Task directions: Word for word and without images, transcribe all of the records.

= Beginning of Section =

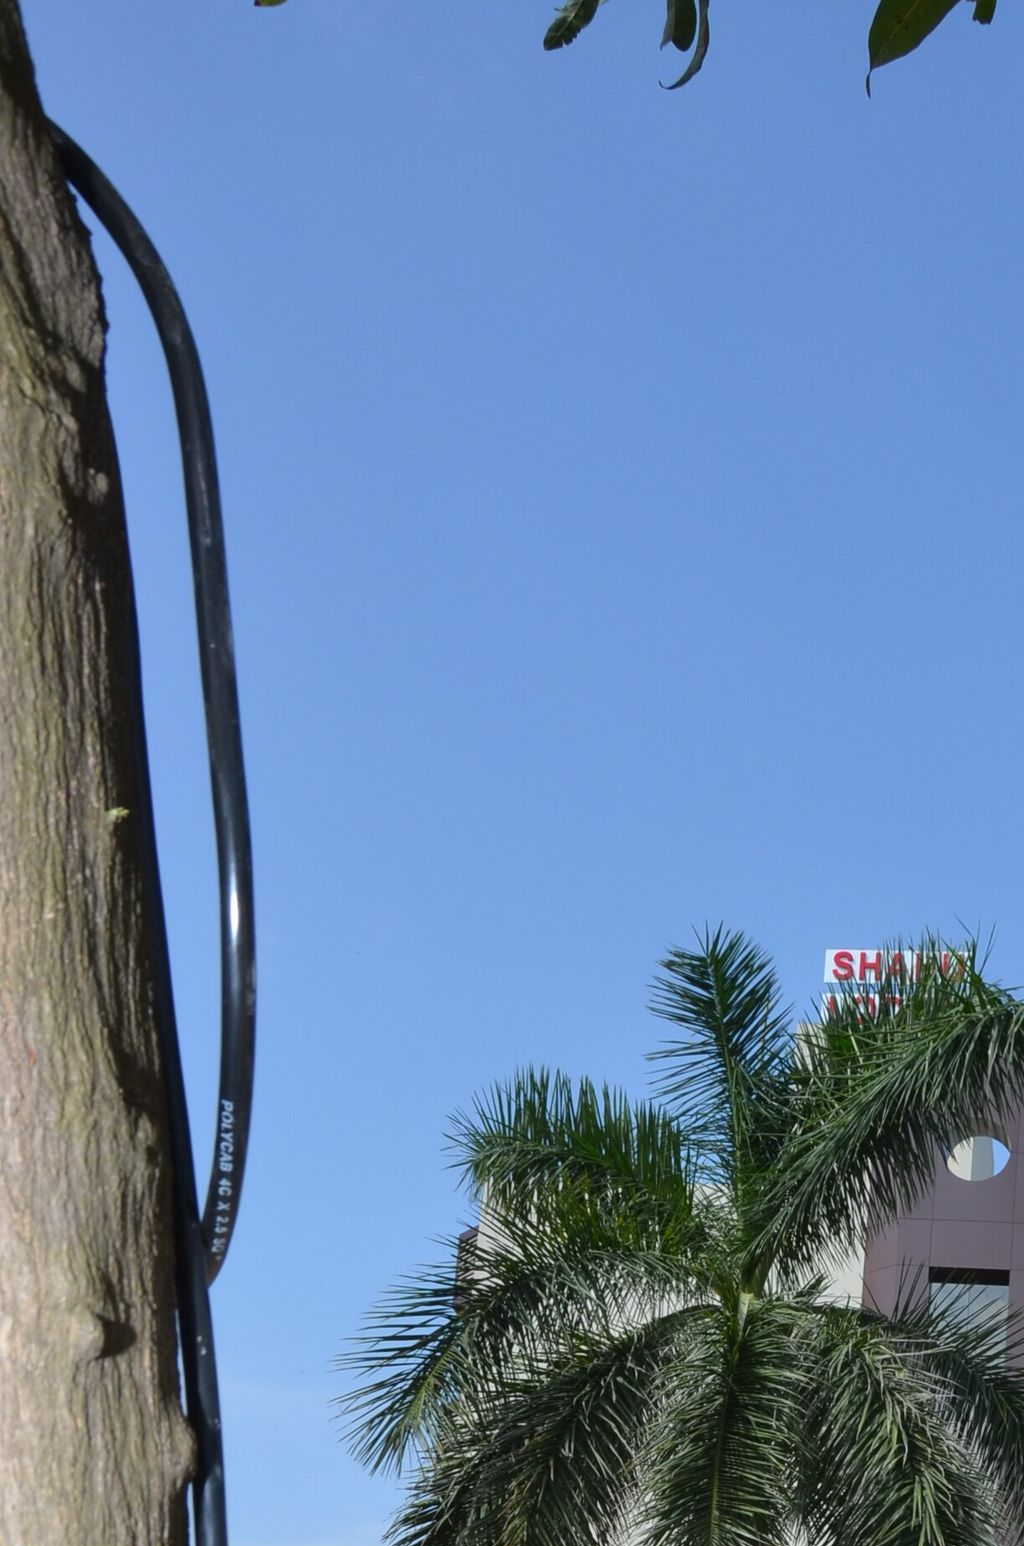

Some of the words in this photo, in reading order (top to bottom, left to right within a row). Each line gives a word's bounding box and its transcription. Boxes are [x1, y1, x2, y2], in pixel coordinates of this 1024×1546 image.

[219, 1099, 235, 1172] POLYCAB
[217, 1177, 232, 1197] 4C
[216, 1201, 231, 1212] X
[214, 1216, 229, 1234] 2.5
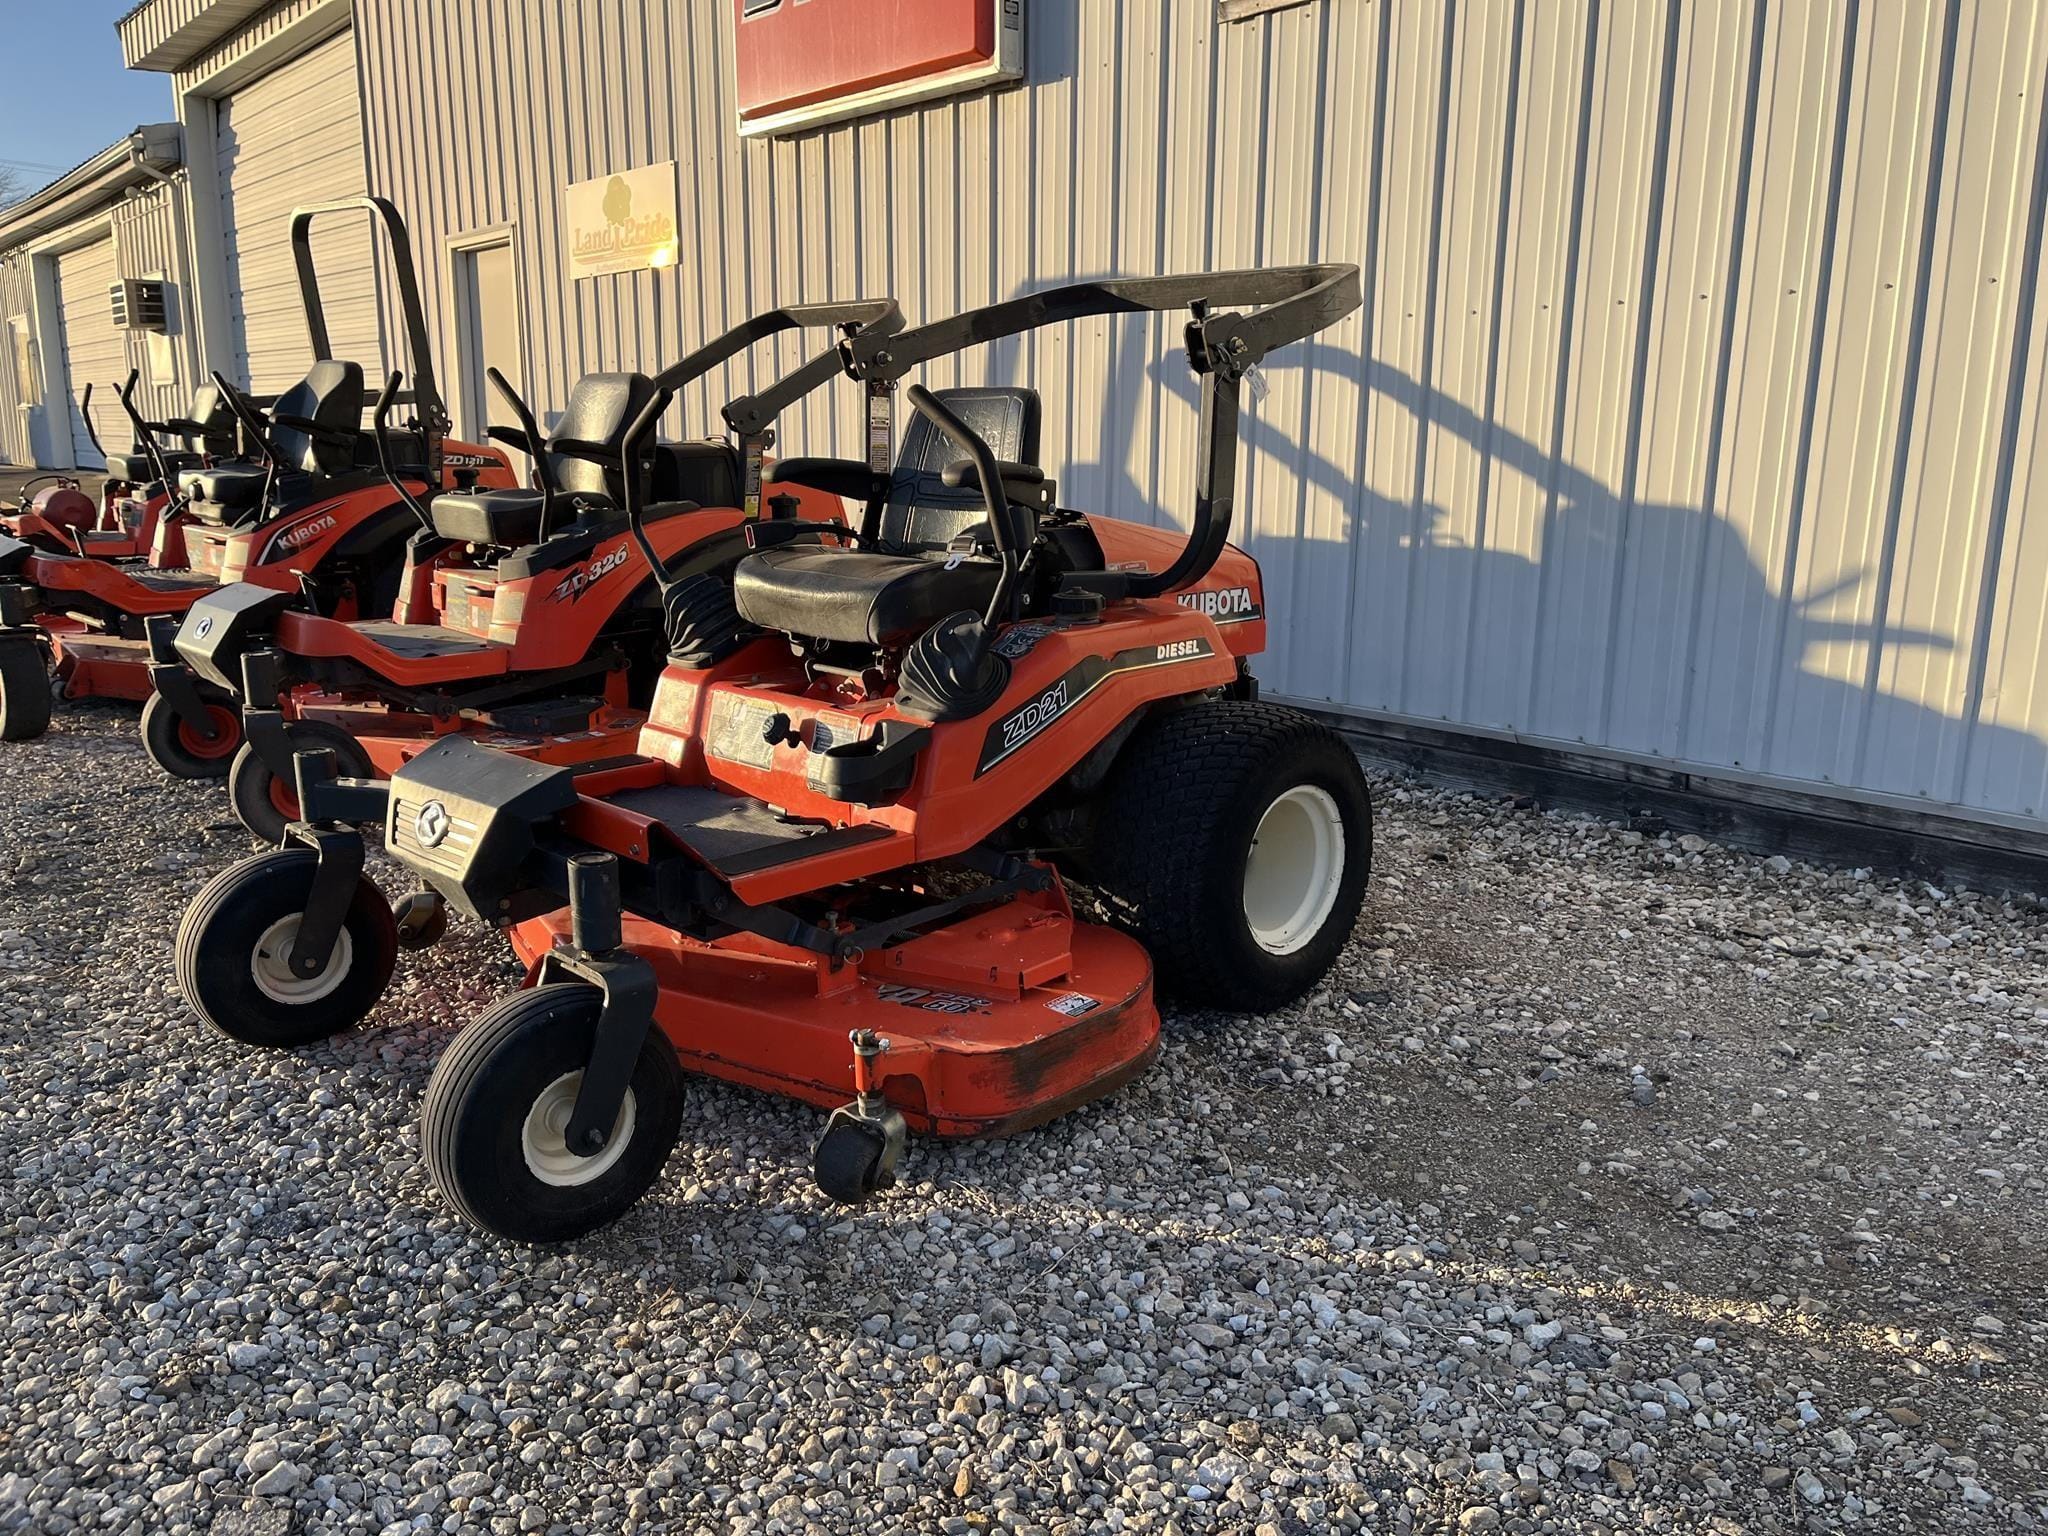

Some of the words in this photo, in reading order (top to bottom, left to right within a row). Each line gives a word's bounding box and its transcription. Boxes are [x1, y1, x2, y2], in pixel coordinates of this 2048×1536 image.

[573, 223, 614, 253] Land
[622, 212, 673, 245] Pride
[277, 515, 337, 550] KUBOTA
[1177, 587, 1252, 616] KUBOTA
[1156, 639, 1200, 660] DIESEL
[1003, 679, 1068, 749] ZD21

= End of Section =

Finished exercise:
Some of the words in this photo, in reading order (top to bottom, left to right within a row). Each line gives a word's bounding box and its transcription. Boxes are [x1, y1, x2, y2], in pixel coordinates of this 1024×1546 image.

[219, 1099, 235, 1172] POLYCAB
[217, 1177, 232, 1197] 4C
[216, 1201, 231, 1212] X
[214, 1216, 229, 1234] 2.5

Some of the words in this photo, in reading order (top to bottom, left to right within a row). Each line gives a word's bounding box and its transcription. Boxes are [x1, y1, x2, y2], in pixel coordinates of this 2048×1536 image.

[573, 223, 614, 253] Land
[622, 212, 673, 245] Pride
[277, 515, 337, 550] KUBOTA
[1177, 587, 1252, 616] KUBOTA
[1156, 639, 1200, 660] DIESEL
[1003, 679, 1068, 749] ZD21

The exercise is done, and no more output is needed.